Question

1. find the values of x and y in the diagram below. solve for x first

Explanation:

Step1: Solve for \( x \) using vertical angles and triangle angle - sum? Wait, first, the vertical angles: the angle \( (6x - 11)^\circ \) and the angle opposite? Wait, no, let's look at the triangles. Wait, actually, the two triangles are congruent? Wait, no, let's use the fact that vertical angles are equal? Wait, no, maybe the triangles are similar or we can use the fact that in a triangle, the sum of angles is \( 180^\circ \). Wait, first, let's find \( x \). Let's look at the angles involving \( x \). The angle \( (6x - 11)^\circ \) and the angle in the other triangle: wait, maybe the two triangles are congruent, so the corresponding angles are equal. Wait, the angle \( (x + 5)^\circ \) and \( (y + 14)^\circ \)? No, wait, let's start with \( x \). Let's assume that the two triangles are congruent, so the angle \( (6x - 11)^\circ \) and the angle adjacent to \( 81^\circ \): wait, no, let's use the fact that in a triangle, the sum of angles is \( 180^\circ \). Wait, first, solve for \( x \). Let's consider the triangle with angle \( 81^\circ \), \( (x + 5)^\circ \), and the vertical angle of \( (6x - 11)^\circ \). Wait, vertical angles are equal, so the angle opposite to \( (6x - 11)^\circ \) is equal to it. Then, in the triangle with angles \( 81^\circ \), \( (x + 5)^\circ \), and \( (6x - 11)^\circ \), the sum of angles is \( 180^\circ \). So:

\( 81+(x + 5)+(6x - 11)=180 \)

Simplify the left - hand side:

\( 81+x + 5+6x-11 = 180 \)

Combine like terms:

\( (x+6x)+(81 + 5-11)=180 \)

\( 7x+75 = 180 \)

Subtract 75 from both sides:

\( 7x=180 - 75=105 \)

Divide both sides by 7:

\( x=\frac{105}{7}=15 \)

Step2: Now that we have \( x = 15 \), we can find the angle \( (x + 5)^\circ=(15 + 5)^\circ = 20^\circ \), and \( (6x - 11)^\circ=(6\times15-11)^\circ=(90 - 11)^\circ = 79^\circ \)

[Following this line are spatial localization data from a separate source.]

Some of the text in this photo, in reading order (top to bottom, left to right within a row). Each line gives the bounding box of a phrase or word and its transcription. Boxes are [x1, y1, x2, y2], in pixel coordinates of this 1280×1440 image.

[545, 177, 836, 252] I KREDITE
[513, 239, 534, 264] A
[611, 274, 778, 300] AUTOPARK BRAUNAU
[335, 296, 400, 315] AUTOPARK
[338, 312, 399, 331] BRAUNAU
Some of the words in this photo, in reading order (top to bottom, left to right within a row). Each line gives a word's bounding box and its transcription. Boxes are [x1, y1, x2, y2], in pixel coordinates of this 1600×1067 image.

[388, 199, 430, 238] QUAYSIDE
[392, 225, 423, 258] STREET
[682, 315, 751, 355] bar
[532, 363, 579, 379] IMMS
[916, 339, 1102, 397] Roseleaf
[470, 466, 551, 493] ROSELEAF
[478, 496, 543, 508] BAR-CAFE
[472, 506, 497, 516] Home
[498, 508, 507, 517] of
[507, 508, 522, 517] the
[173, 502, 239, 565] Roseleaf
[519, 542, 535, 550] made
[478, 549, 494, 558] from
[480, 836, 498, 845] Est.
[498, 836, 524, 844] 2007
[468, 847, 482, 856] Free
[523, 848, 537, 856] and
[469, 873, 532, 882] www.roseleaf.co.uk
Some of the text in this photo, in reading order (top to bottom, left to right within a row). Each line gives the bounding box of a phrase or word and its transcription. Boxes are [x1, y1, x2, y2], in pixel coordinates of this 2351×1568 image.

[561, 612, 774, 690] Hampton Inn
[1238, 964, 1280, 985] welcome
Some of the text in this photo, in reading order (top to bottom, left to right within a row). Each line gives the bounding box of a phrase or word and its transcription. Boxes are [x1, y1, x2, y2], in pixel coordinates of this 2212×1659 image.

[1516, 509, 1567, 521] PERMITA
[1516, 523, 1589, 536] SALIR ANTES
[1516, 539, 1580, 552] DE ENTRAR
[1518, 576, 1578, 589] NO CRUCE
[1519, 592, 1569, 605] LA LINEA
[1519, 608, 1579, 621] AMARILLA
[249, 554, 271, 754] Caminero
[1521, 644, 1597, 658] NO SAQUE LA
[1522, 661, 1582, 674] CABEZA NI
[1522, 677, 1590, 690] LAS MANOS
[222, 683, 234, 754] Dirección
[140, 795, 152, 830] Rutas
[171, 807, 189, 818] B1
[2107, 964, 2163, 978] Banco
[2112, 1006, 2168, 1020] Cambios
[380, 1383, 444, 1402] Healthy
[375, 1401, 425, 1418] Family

Now, let's look at the other triangle with angles \( (4y-18)^\circ \), \( (y + 14)^\circ \), and \( (6x - 11)^\circ=79^\circ \). The sum of angles in a triangle is \( 180^\circ \), so:

\( (4y-18)+(y + 14)+79 = 180 \)

Combine like terms:

\( 4y-18+y + 14+79 = 180 \)

\( 5y+( - 18+14 + 79)=180 \)

\( 5y+( - 4+79)=180 \)

\( 5y + 75=180 \)

Subtract 75 from both sides:

\( 5y=180 - 75 = 105 \)

Divide both sides by 5:

\( y=\frac{105}{5}=21 \)

Wait, let's check again. Wait, maybe the two triangles are congruent, so the angles \( (4y - 18)^\circ=81^\circ \)? Wait, that might be a better approach. Let's try that. If \( (4y-18)^\circ = 81^\circ \), then:

\( 4y-18 = 81 \)

\( 4y=81 + 18=99 \)

\( y=\frac{99}{4}=24.75 \), which doesn't match the previous result. So my first approach was wrong.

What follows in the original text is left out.